Roughly 4 billion years ago an assortment of complex organic compounds went from being mere carbon soup to replicating biochemistry – the first steps to life on Earth.

The order of these steps has been a source of debate for decades. Now, a recent discovery about a common protein structure could help tip the balance, bringing us closer to understanding just how we came to be here.

Researchers from Eidgenössische Technische Hochschule (ETH) in Zürich have demonstrated that short strands of amyloid protein structures can direct the selection of amino acids to build even more amyloids.

If the word amyloid doesn't sound familiar, they're a protein structure that's increasingly being found all over the place in nature.

Part of the reason it's so common is that the amyloid has a special kink in it called a cross-β fold - this allows it to stick together into long, thin structures called fibrils.

You might have come across them in relation to Alzheimer's disease – that 'stickiness' can sometimes cause clumps of amyloid beta to aggregate in the brain and lead to the degeneration of neural tissues.

In fact it's this tendency to clump and cause disease that for a long time led scientists to consider amyloids to be a biological aberration.

But now it looks like its talents may have actually contributed to kick-starting life itself billions of years ago.

Just two years ago the ETH team found that peptides, which are chains of amino acids shorter than a typical protein - in this case just 5 to 14 units long - could spontaneously form amyloid structures in the presence of carbonyl sulphide.

Fibres made up of amyloids had already been shown to act as enzyme-like catalysts, prompting the scientists to wonder if their possible formation on ancient Earth played a role in helping other organic compounds come together in the days before cells.

Here the researchers take their hypothesis one step further by investigating whether amyloid sequences might also catalyse the construction of other peptides.

The team designed sequences of amyloids to act as the equivalent of DNA primer strands, and mixed them in with select quantities of other amino acids and a few helper chemicals.

By comparing the peptide sequences that resulted in these mixtures with ones that lacked designed 'primer' amyloid structures, the researchers found there was a huge advantage to having the amyloids in there.

"This ability also potentially applies to the amyloid itself – meaning the molecules can self-replicate," says chemist Roland Riek.

When it all boils down to it, life is special thanks to its ability to make imperfect copies of itself.
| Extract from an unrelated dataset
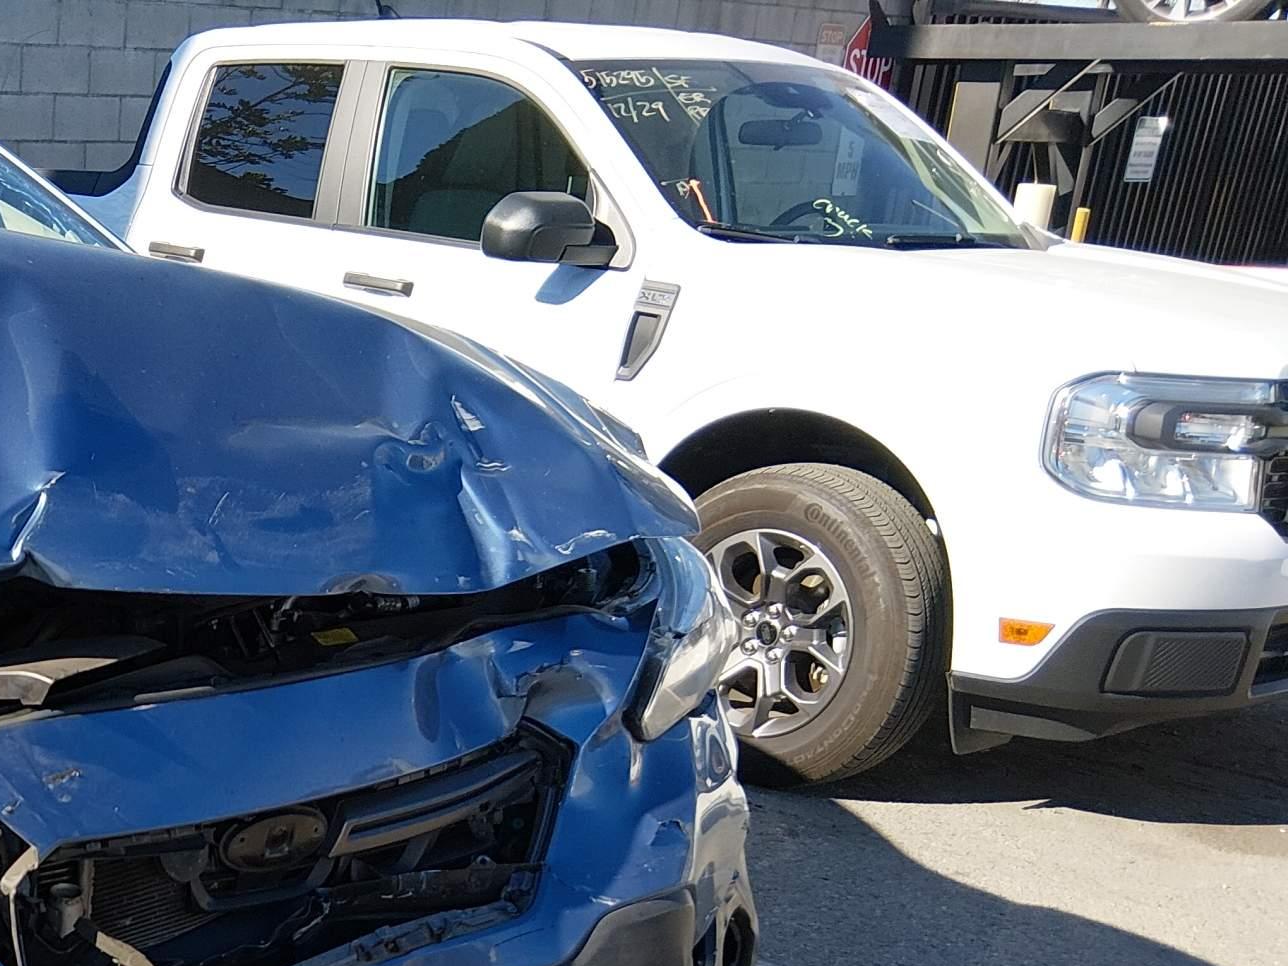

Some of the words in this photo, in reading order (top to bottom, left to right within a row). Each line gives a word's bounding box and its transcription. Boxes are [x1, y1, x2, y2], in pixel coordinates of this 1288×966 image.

Make enough copies, and some will do an even better job at replicating next time.

If we rewind the clock, we eventually get to a tricky question; was the simplest form of life based on replicating strands of nucleic acid as it is today, or replicating protein fragments?
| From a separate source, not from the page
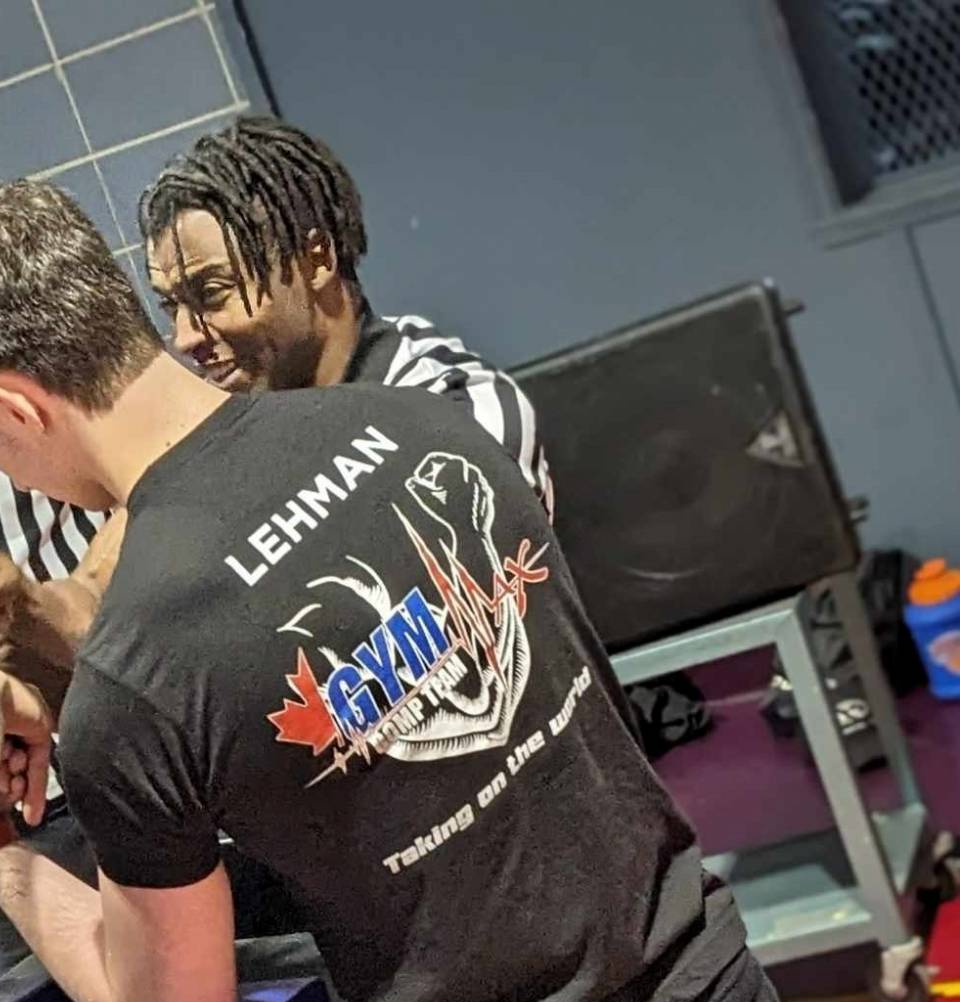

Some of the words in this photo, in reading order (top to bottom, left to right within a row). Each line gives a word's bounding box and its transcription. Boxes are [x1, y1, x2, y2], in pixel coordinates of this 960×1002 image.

Both benefit from catalysts - compounds that help speed the whole process up.

Proponents of the 'RNA world' hypothesis point to the physical properties of RNA to act as the original catalyst, building better and better nucleotide sequences using RNA machines until amino acids could be recruited later down the track.

We know RNA-like bases were around 4 billion years ago. But there have been questions over the availability of key elements needed to build the molecules, leading others to wonder if we should be looking down other paths.
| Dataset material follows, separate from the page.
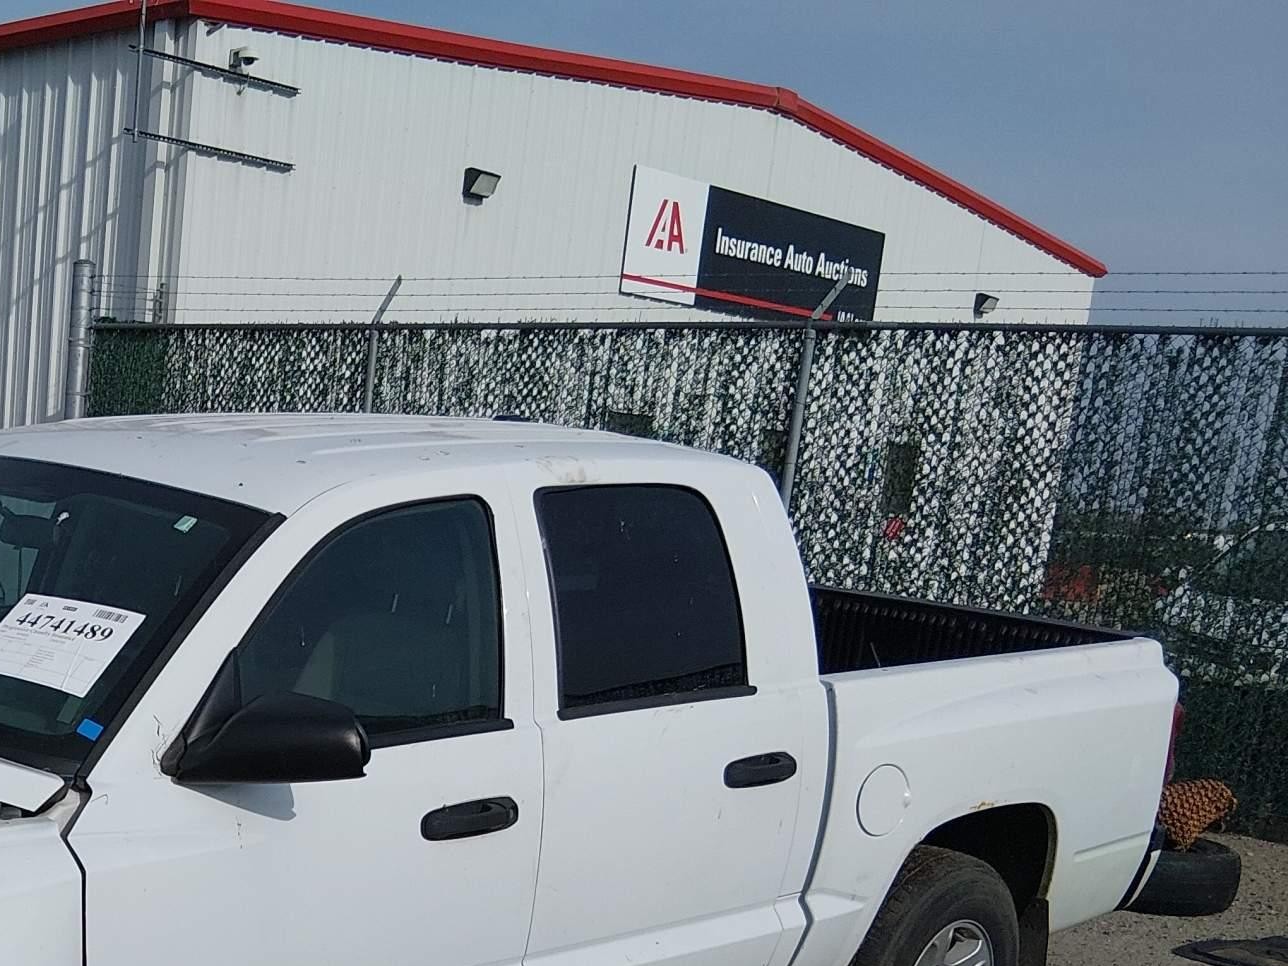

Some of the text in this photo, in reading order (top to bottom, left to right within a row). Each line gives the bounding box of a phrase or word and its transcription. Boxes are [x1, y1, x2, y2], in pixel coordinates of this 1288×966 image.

[715, 227, 782, 267] Insurance
[784, 244, 813, 275] Auto
[16, 611, 114, 642] 44741489
Self-replicating protein fragments would pave the way for nucleotide chemistry, if only somebody could show how amino acids could form and help generate new peptides - and amyloids could be an answer.

"Additionally, amyloids are much more stable than early nucleic acid polymers, and they have a much simpler abiotic synthesis route compared to the complexity of known catalytic RNAs," says researcher Jason Greenwald.

To be fair, these were highly controlled laboratory conditions. It's a leap to go from tweaking proteins to generating life.

But the principle stands - short peptide sequences shaped like amyloids have what it takes to speed up the generation of similar amino acid sequences. 

As with most things in biology, the origins of living chemistry are unlikely to be simple. Metabolic processes, RNA generation, and amyloid replication all could have been competing, clashing, and blending to form the first life in a primitive biochemical tango.

"We will never be able to prove which is true – to do so, we would have to turn back the last 4 to 4.5 billion years of evolution," says Riek.

"However, we suspect that it was not one, but multiple molecular processes with various predecessor molecules that were involved in the creation of life."

This research was published in Nature Communications.